Everything parents need to know about thyroid disease
Hypothyroidism is a condition that can affect newborns. The good news is that treatment options are available for your baby.
There are a number of illnesses and conditions that new parents should be aware of. One of them is an under-functioning thyroid gland.
Hypothyroidism is a condition that can affect newborn babies, and if undetected and left untreated, it can affect your child’s development, with varying degrees of severity. Below is some insight on thyroid disease from Merck, the global pharmaceutical company headquartered in Germany.
What does the thyroid gland do?
It may be just a small, butterfly-shaped gland in your neck, but the thyroid gland produces hormones that are essential for metabolism. It is important for physical growth and maturation of the central nervous system and skeleton.
Causes of hypothyroidism in babies
There are many causes of hypothyroidism, the most relevant being congenital hypothyroidism, i.e. when an infant is born without a thyroid gland or if the gland cannot manufacture the thyroid hormone for a number of reasons. In areas with iodine deficiency, infants may also be prone to hypothyroidism. Since 1995, table salt is iodised in South Africa, to combat hypothyroidism due to iodine deficiency.

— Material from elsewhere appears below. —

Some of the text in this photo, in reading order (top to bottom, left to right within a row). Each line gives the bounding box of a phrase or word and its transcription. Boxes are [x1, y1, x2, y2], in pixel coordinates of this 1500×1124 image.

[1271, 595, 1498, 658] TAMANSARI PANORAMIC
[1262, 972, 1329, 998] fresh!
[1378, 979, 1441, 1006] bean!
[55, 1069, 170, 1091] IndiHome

If a mother suffers from thyroid disease during pregnancy, this may affect her unborn foetus and the newborn baby. It is therefore important that a foetal ultrasonography is performed and the newborn evaluated by a paediatrician.
9 Signs and symptoms
- Undiagnosed babies with hypothyroidism show a variety of symptoms, including:
- Decreased activity
- A large fontanelle
- Poor feeding and low weight gain
- Small stature or poor growth
- Delayed developmental milestones
- Jaundice
- Constipation
- A hoarse cry
The signs are generally not present at birth and only develop after the first few weeks. Quite often, affected babies are initially viewed as ‘good’, because they cry little (as they are inactive) and sleep a lot.
Affected newborns look totally normal at birth. The physical signs only develop gradually, by which time the child’s development is irreversibly affected. Obvious physical signs are often missed as they are very subtle. They can include coarse facial features, a big tongue, an umbilical hernia (when part of the intestine protrudes through the umbilical opening), mottled skin that is cool and dry, and anaemia.
Testing for hypothyroidism
“Testing for hypothyroidism in infants is as simple as a heel-prick test, usually after 2 to 3 days of age,” says Dr Kiran Parbhoo, paediatric endocrinologist at the Chris Hani Baragwanath Academic Hospital. “The test is quick and simple, and yields results quickly, equipping doctors and supporting healthcare professionals to intervene early by setting up a treatment regime.”
An alternative to heel-prick testing is the testing of cord blood at birth. The advantage of heel prick testing, however, is that it may be possible to screen for other inborn errors (as is the case in many developed countries). Detecting and managing inborn errors is cost-effective, as the treatment of such conditions is expensive if they are diagnosed later in life.
The importance of treatment
Failure to diagnose and treat hypothyroidism in an infant could lead to growth problems, heart problems and, if left untreated, severe intellectual disability.
Babies with congenital hypothyroidism on newborn screening programmes can be treated by simply administering thyroxine, which is delivered via crushed tablets included in breast milk or formula in infants, or swallowed by children as they grow older. Screening and treating congenital hypothyroidism can prevent mental disability.